The more things change, the more they stay the same,” goes the old adage. Seasoned dispensing professionals will recall a time when most of the hearing aids they dispensed were behind-the-ear (BTE) or eyeglass instruments. For more professionals dispensing today, however, BTEs have been relegated to a fairly small percentage (15-17%) of fittings during the last decade (Figure 1).
Not anymore. According to the Hearing Industries Association (HIA), BTE-style hearing aids now make up 42.8% of the fittings performed in the second-half of 2006—after constituting less than 16% before 2001. Why? Figure 1 shows that the BTE renaissance actually began before the “rediscovery” of open-fitting technology (circa 2003). This is probably due to:
Improved cosmetic options and new BTE styles. The new generation of “invisible” earmolds coupled with slim/thin acoustic tubing have made mini-BTEs almost as cosmetically attractive as CICs, which have subsequently declined to about 10% of the market. Additionally, new BTE-like manufacturers—such as Sebotek and Vivatone—have contributed to the reported increase in BTE use.

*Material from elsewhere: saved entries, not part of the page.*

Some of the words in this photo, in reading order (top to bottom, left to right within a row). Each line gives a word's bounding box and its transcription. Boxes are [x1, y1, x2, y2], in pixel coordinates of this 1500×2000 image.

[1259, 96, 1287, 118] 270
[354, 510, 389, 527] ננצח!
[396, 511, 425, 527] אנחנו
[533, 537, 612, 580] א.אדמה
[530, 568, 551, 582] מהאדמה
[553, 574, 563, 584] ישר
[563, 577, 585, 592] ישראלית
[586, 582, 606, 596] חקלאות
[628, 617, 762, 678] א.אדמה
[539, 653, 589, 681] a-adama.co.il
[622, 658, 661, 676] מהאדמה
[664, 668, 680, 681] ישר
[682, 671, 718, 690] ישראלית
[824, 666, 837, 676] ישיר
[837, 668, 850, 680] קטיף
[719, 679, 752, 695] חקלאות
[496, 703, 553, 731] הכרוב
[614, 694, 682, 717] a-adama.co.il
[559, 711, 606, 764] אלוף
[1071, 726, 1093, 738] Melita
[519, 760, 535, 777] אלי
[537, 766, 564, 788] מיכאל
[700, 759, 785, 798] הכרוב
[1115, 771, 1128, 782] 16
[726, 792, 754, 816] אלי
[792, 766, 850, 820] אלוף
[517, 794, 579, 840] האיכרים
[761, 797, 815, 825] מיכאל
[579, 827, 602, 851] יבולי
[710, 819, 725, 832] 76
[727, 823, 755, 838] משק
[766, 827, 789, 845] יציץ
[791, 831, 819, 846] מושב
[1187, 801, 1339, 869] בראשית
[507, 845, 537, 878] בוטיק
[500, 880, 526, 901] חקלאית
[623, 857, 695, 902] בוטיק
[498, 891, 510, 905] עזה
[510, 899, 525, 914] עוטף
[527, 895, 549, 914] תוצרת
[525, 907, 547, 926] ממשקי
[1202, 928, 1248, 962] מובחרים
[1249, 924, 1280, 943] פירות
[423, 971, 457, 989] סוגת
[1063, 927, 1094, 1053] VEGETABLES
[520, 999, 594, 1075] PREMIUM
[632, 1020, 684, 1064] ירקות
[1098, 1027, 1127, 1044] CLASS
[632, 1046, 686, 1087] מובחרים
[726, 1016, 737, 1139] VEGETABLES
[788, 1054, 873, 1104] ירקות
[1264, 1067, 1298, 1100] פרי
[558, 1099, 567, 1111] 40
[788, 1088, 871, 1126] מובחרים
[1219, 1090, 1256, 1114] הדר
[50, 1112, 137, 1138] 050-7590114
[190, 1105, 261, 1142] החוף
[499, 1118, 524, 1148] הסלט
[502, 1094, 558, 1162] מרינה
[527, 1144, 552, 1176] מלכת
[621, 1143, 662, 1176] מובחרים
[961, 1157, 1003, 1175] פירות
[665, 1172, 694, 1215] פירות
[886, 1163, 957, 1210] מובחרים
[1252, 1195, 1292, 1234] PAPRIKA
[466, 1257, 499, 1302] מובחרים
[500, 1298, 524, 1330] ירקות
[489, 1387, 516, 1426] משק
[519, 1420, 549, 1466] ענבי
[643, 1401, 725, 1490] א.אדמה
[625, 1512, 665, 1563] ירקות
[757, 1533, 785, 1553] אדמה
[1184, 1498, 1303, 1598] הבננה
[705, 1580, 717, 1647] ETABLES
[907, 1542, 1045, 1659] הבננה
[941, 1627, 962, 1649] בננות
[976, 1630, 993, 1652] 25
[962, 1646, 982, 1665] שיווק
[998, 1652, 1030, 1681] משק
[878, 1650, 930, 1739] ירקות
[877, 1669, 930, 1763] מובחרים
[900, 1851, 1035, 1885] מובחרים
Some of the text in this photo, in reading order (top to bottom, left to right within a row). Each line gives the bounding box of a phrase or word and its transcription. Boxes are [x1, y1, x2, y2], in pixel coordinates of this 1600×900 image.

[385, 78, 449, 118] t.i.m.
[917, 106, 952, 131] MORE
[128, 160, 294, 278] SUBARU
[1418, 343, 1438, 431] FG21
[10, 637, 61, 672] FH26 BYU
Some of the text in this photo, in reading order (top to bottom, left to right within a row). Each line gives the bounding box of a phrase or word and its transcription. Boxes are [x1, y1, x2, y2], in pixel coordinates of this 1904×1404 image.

Directional systems. Some clinicians and researchers maintain that directional microphone technology is better employed in BTEs. According to the HR Dispenser Survey (June 2006), directional systems are now used in 51% of all fittings, and a special HIA survey in February 2006 showed that 35% of hearing aids used directional microphones.
DSP and more real estate. The larger packaging size of BTEs provides engineers with an opportunity to pack more electronics and features into these hearing aids. This may be even more important in the future as telecommunications and hearing aid technology converge (see the article by Yanz et al, p 60).
Although these three points have probably increased BTE use, there is no question that open-fittings have caused the real surge in BTE hearing aid use in the last 2 years.
Darrell E. Rose, PhD, suggests in this month’s lead article that, although open-fitting technology represents a wonderful tool for dispensing professionals, these systems may not be optimal if they are applied to individuals who need more gain than what some anti-feedback systems might accomodate—patients who might be better served with an occluded (modified) earmold. The rediscovery of open fittings and “The Return of the Earmold,” (p 14) has prompted younger dispensing professionals (and editors) who were not working during the Golden Age of BTEs and eyeglass hearing aids to revisit the earmold-related literature of Libby, Lybarger, Killion, et al (see Chester Pirzanski’s article on p 20), while engineers dust off patents to understand how acoustic earmold concepts were applied in the past.
What is evident is that the new capabilities and fitting options related to BTE fittings have transformed “something old” into “something new,” proving the adage that the more things change, the more they stay the same.